The things we care about as modern, Western Christians, the ancient authors of our sacred texts knew nothing about. And, knowing nothing about it, they wrote nothing about it. Instead, they wrote about the world as they understood the world. And their understanding of most everything was completely different than our own. At least at a scientific level.

How do I know this? Not to sound obnoxious, but the Bible tells me so. Genesis 1:2 makes it completely clear exactly what God (Elohim) did when He created.

“The earth was without form and void, and darkness was over the face of the deep.” (Gen 1:2 ESV)

In the beginning, there was a bunch of useless stuff!!!

The beginning, for ancient Israelites (and for those who came before who would one day be Israelites) started, not with nothing, but with a nonsensical collection of things that was in need of organizing, a “deep” (a watery, chaotic accumulation) that was shrouded in darkness. Genesis doesn’t speak of matter from nothing. It speaks of unorganized matter to organized. Chaos to order. Nonfunctioning to functioning. Dark to light. Dead to living. Living to flourishing.

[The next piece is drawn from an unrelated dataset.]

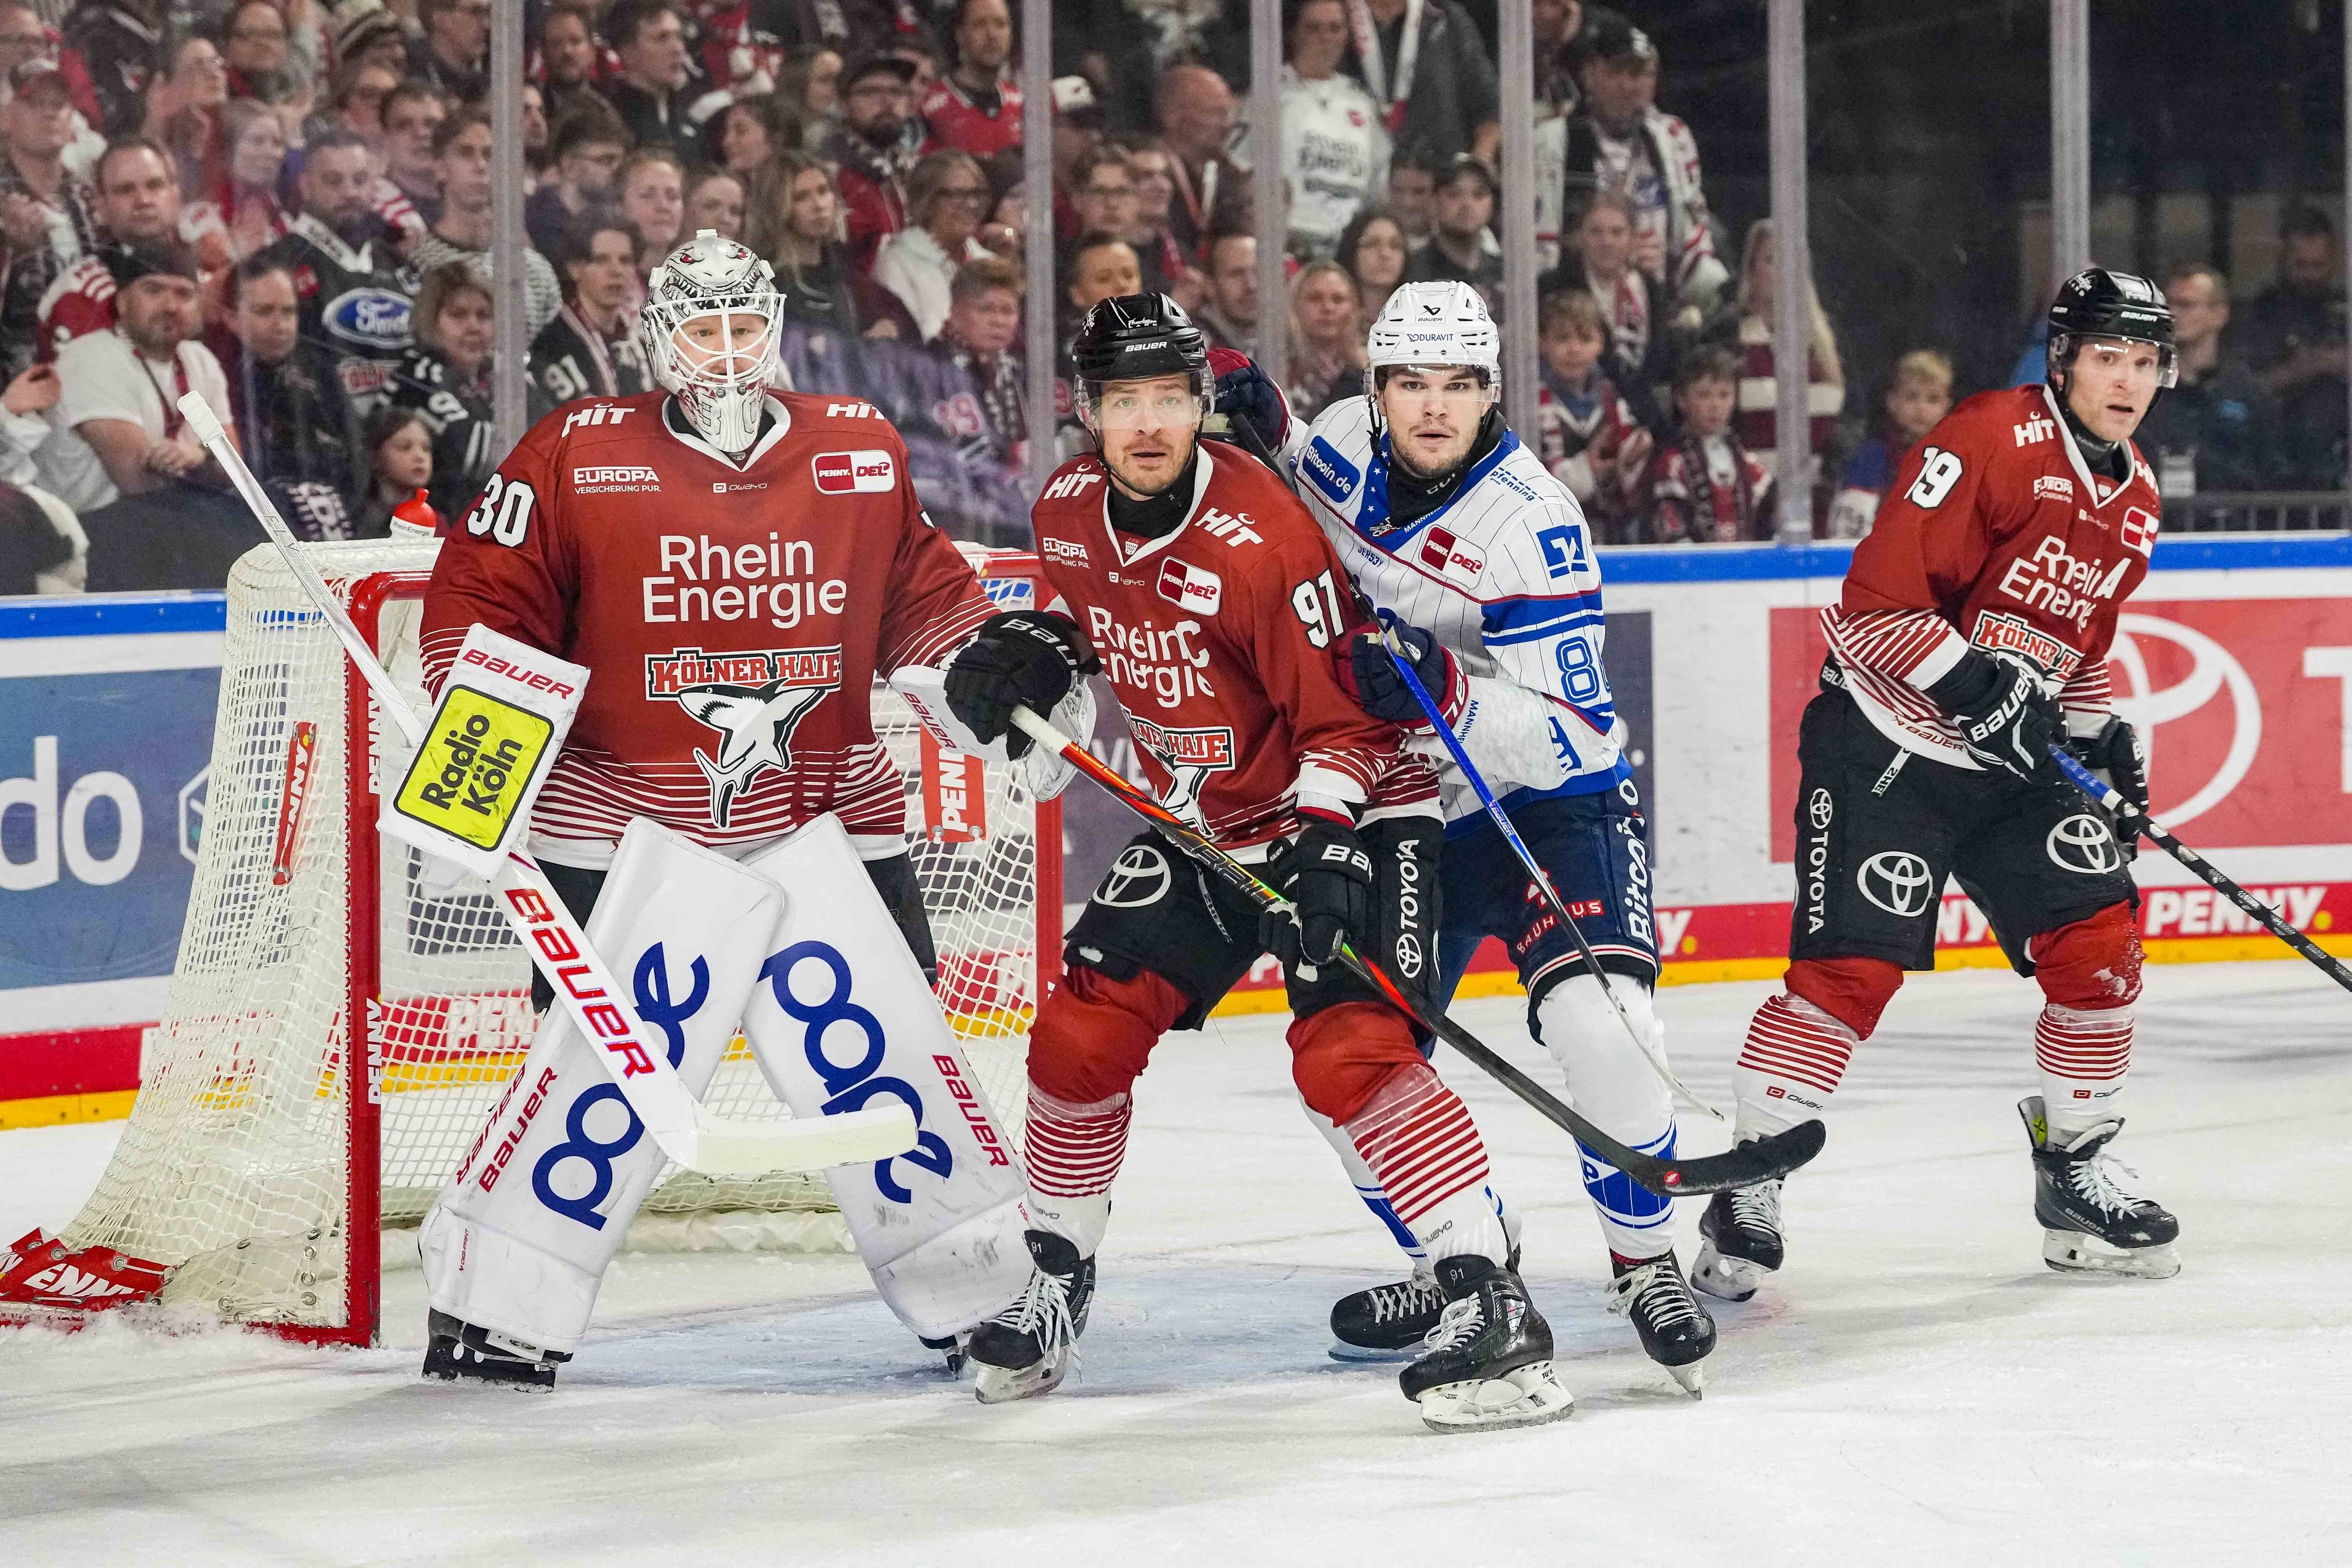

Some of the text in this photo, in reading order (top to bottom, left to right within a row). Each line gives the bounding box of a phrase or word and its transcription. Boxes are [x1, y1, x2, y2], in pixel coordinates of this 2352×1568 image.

For ancient peoples, this was the wonder of creation. And when they looked at the world around them, they didn’t stand in awe that stuff exists. Instead they stood in awe that the stuff that exists actually works. Apples inexplicably always produce apples. They never mess up, occasionally producing grapes or bananas. There is order; a predictable and reliable order that creates space and provisions for life to abound and fill the earth.

And, when these ancient peoples penned (no need to correct me on this turn of phrase) Genesis 1, they wrote it as people who were amazed at the world they saw around them. They envisioned and saw the attributes of God in the details of creation that they beheld and benefited from on a daily basis.

So, what if modern science is right? What if it turns out that creation came from nothing? This is one of the prevailing theories. What if we discover that there actually was a first thing to exist and not a beginning with jumbled up matter and a mass of deep and meaningless waters?

For some, this would mean that the Bible is unreliable and untrustworthy. Toss it out.
Throw it away.

For others, it means that science is wrong. God wrote a book and told us that in the beginning, there was stuff, stuff that He organized and set up for success. Any science that says otherwise is wrong.

There is yet a third option. God communicates in ways that people understand. People wrote about God in ways that they understood. The Bible isn’t a revelation of ultimate, scientific truth. If this isn’t an acceptable way to understand and approach Scripture, then considering the beginning as a bunch of useless stuff is only the beginning of our struggles.